In the installation procedure from the disc, which seems to be runniing bdinstall, which, if one does not know, one may run again after removing the installation disc, by enterng bdinstall in the command line, my ISP was found, and I selected Ipv4 and DCHP, so as to be able to detect signals in my hectic perambulations as a student, and ultimately use the gui in Xfce, wifimgr, which may be added by simply entering pkg add wifimgr in the command line. I have used wifimgr for five years on older versions with not one piece of trouble.

I did not enable Ipv6 because it always seems to want revenge for some unknown transgression.

Now, it may be useful to add that one ought to connect hard internet through an ethernet (which ought to be spellt aethernet) to the computer before one begins the installation; it makes life easier for those unskilled at configuring the wireless.

After reboot, one normally follows the instructions in the Handbook, https://www.freebsd.org/doc/en_US.ISO8859-1/books/handbook/network-wireless.html, by scrolling down to a section, entitled, 30.3.2. Quick Start, where there is a box with a grey background that normally conatins all that one needs to know in order to establish the wireless connexion.

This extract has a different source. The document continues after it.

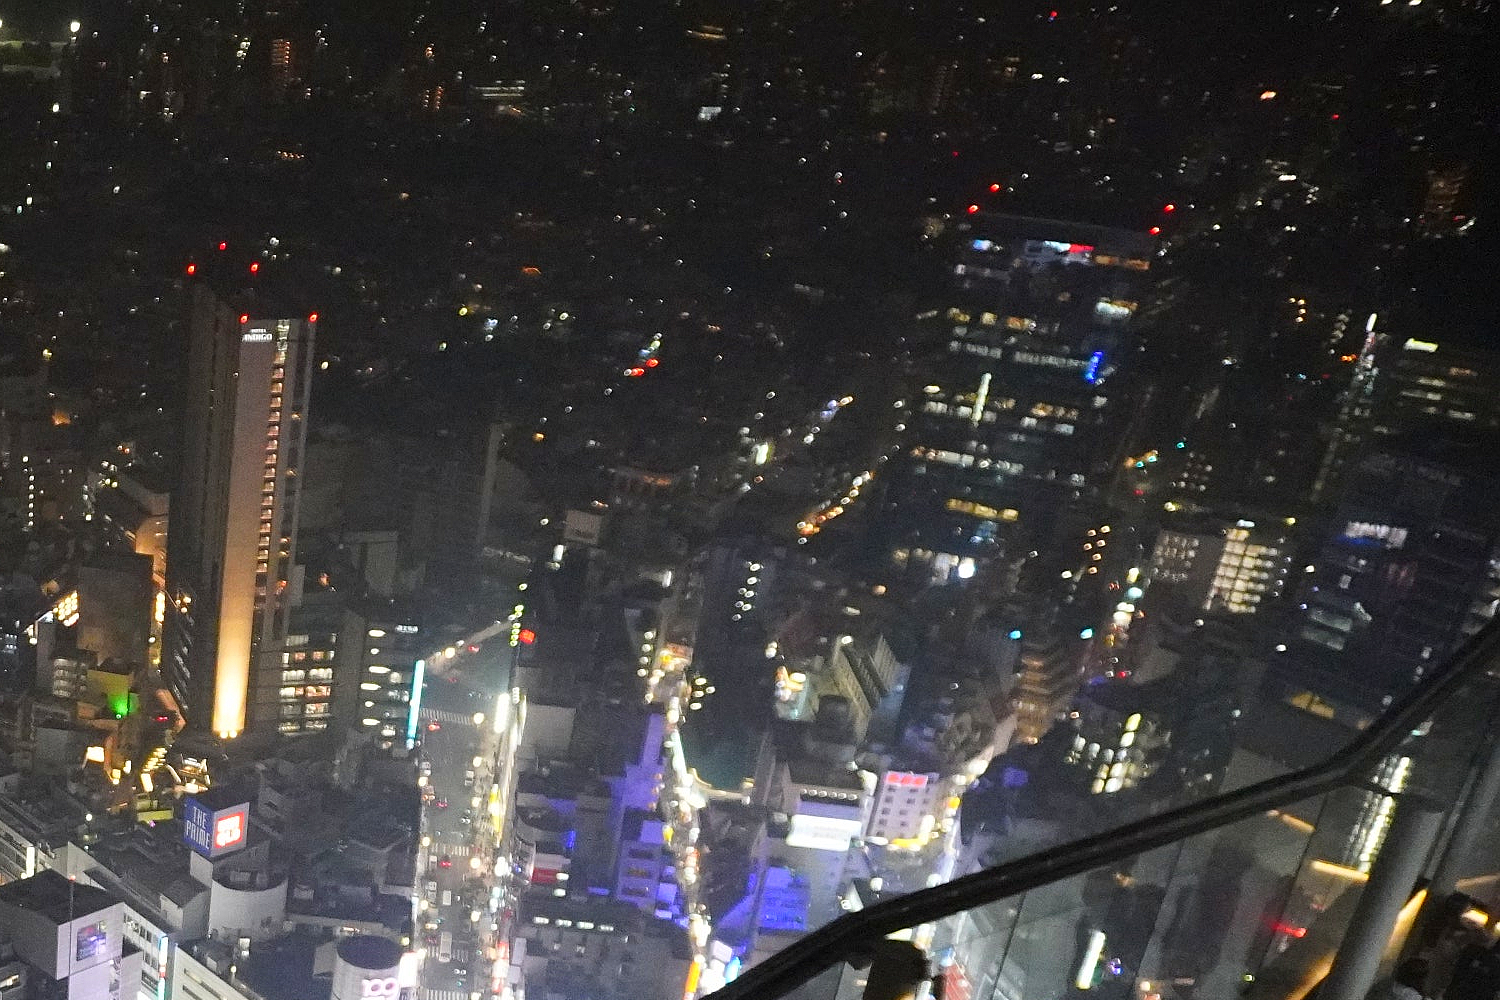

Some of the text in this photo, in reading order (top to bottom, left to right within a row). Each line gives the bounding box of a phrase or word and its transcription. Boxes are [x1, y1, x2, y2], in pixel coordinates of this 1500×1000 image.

[241, 333, 273, 342] INDIGO
[193, 806, 208, 829] THE
[186, 820, 211, 850] PRIME

So, in my innocence, I entered % sysctl net.wlan.devices, and detected my device, ath0. As some may have heard, ifconfig no longer displays the wireless device, which, in my case, happens, as sysctl confirmed, to be ath0.

I then entered % cat /etc/wpa_supplicant.conf, but was told that no such file existed, and so, agreeably to the instructions, I entered % vi /etc/wpa_supplicant.conf (I am used to vi), and created wpa_supplicant.conf, into which I entered

network={
   ssid="_myssid_"
    psk="_mypsk_"
}

For the uninitiated, ssid means the name of the network, something that one will find somewhere that looks similar to NETGEAR111, or LINKSYS111. psk means the password to one's wireless system, such as such a high-security one as iLove?configur123times.nogood/bah\&c

I saved this configuration, and made sure that it was correct by entering % cat /etc/wpa_supplicant.conf. And it was correct.

I then entered % vi /etc/rc.conf, and, agreeably to the instructions, entered

wlans_ath0="wlan0"
ifconfig_wlan0="WPA SYNCDHCP"

and saved this configuration, confirming its salvation by entering % vi /etc/rc.conf. And it was correct.

But I noticed something unusual in /etc/rc.conf that I had never seen in versions older than 11.1, namely, a line ifconfig_alc0="WPAD". Entering % ifconfig informed me that this novelty had to do with the hard-wired ethernet. SInce the ethernet was working, I decided to leave well enough alone and get on with it.

I next rebooted the computer, % shutdown -r now, and noticed, in the reboot, that the ethernet, alc0, was active, but the wireless, ath0, was not.

Fiddling with commenting and uncommenting the various appropriate lines in /etc/rc.conf, I find that nothing makes a difference, save that commenting out either or both of the two lines for ath0 produced a noxious TIMEOUT ERROR.

With the ethernet cable removed, % ping www.freebsd.org produces

ping: cannot resolve www.freebsd.org: Host name lookup failure

which, of course, means that the wireless, wlan0, is not working.

After six hours of looking at every possible posting and piece of instruction to be found in perpetual searching of the Web, I came to the conclusion that it would be better to submit this vexatious issue to the learned, rather than to upset the status quo by irreparable amateurish surgery.

Any help would be most gratefully received.


----------



## SirDice (Jul 31, 2017)

The Howto section is not for asking how to do things. Thread moved.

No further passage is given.